Could someone please me recommend which encoding to use for text files with Chinese and other languages? When I save a new file with Wenlin, in "Save as type" (in the "Save As" window) says: Unicode UTF-16 (recommended, international).  But it seems that in XML declarations the UTF-8 encoding is used more frequently than UTF-16. So I guess that using one or the other may have to do with what one wants to use the text files for, and that one can always convert them from one encoding to the other with some piece of software.

Thank you in advance for any comments/suggestions.

 

Posted

Use UTF-8.  There's no benefit to UTF-16 and the files are larger.  

  • Like 1
Posted

Thank you vellocet, and wibr. While we're at it, I know that in UTF-8 the BOM (byte order mark) is optional.
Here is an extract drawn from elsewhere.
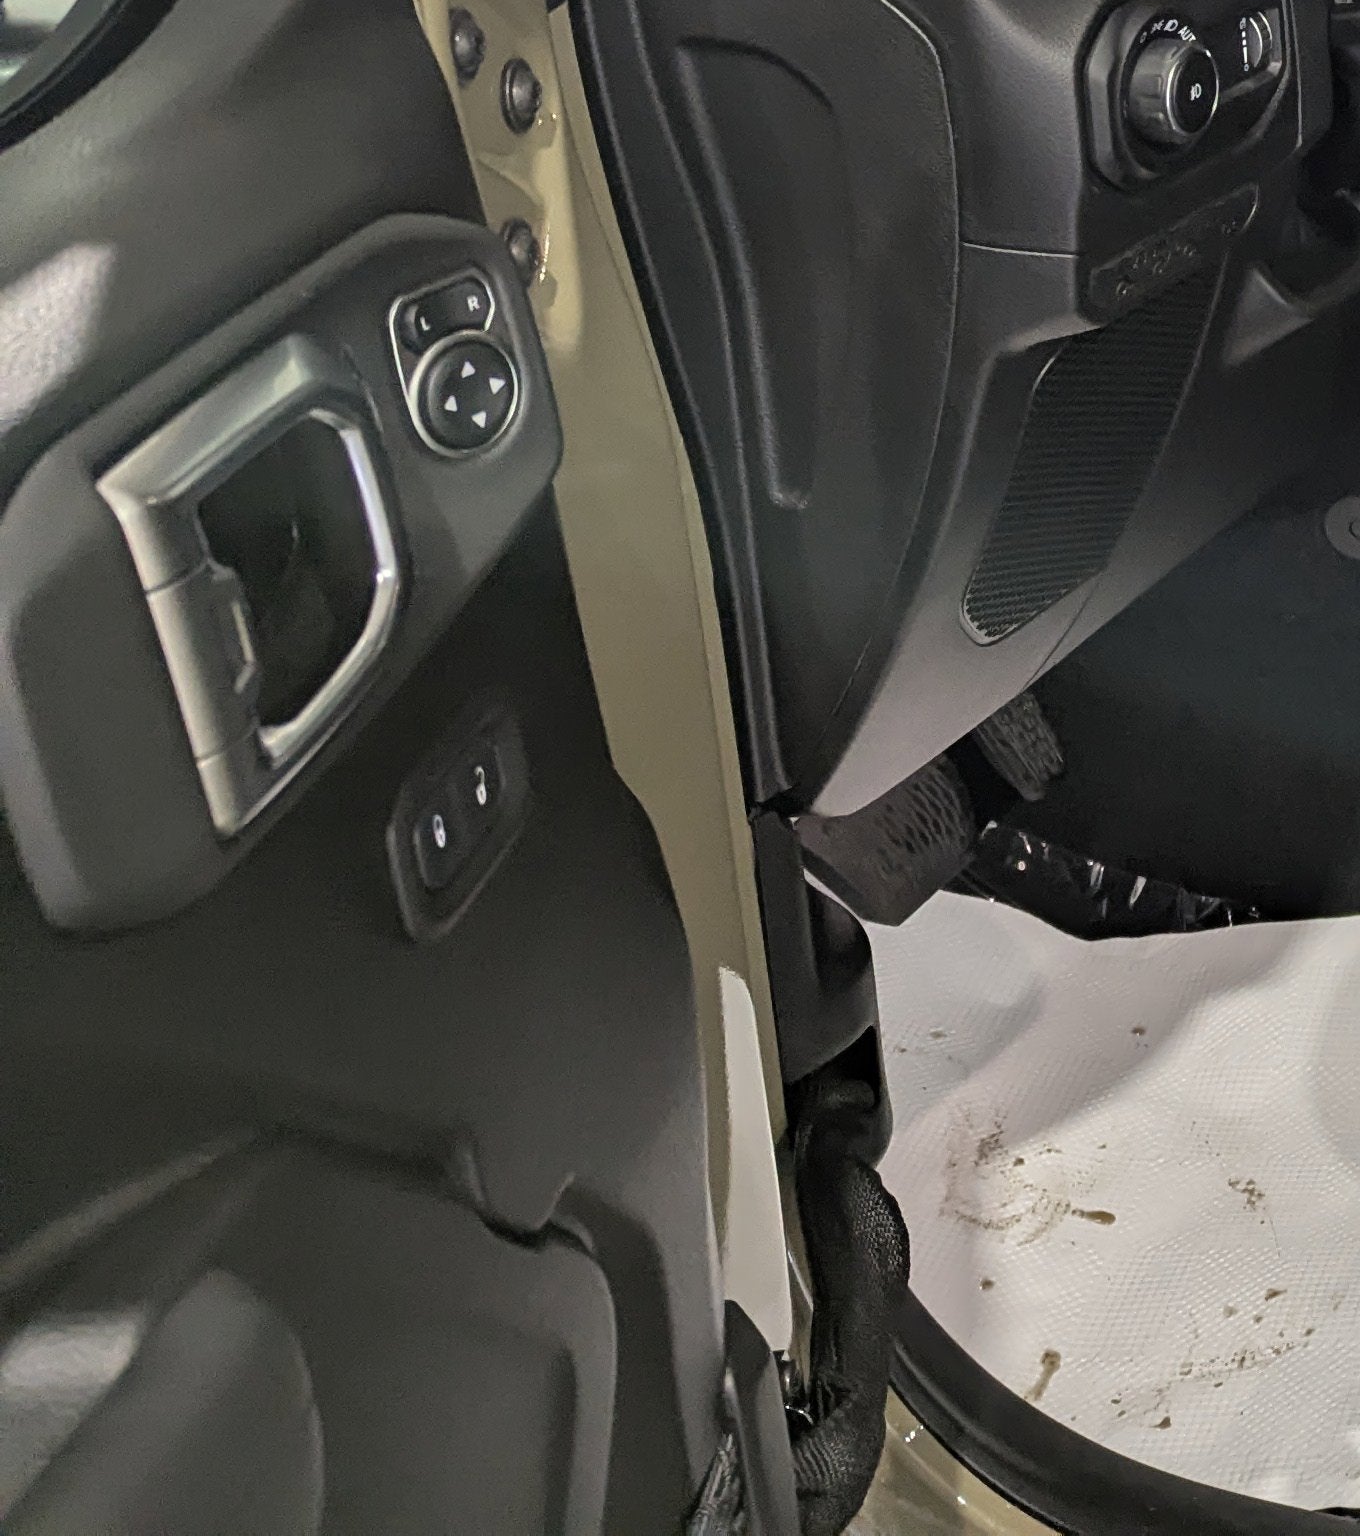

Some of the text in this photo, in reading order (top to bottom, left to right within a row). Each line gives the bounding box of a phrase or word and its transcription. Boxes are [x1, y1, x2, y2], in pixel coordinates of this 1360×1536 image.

Now I'm reading this https://en.wikipedia.org/wiki/Byte_order_mark , but I'd like to know whether you normally use a BOM or not.

Thank you again.

 

Edit: Added from Some reasons to use utf-8 everywhere

Q: What do you think about Byte Order Marks?

A: According to the Unicode Standard (v6.2, p.30): Use of a BOM is neither required nor recommended for UTF-8.

Byte order issues are yet another reason to avoid UTF-16. UTF-8 has no endianness issues, and the UTF-8 BOM exists only to manifest that this is a UTF-8 stream. If UTF-8 remains the only popular encoding (as it already is in the internet world), the BOM becomes redundant. In practice, most UTF-8 text files omit BOMs today.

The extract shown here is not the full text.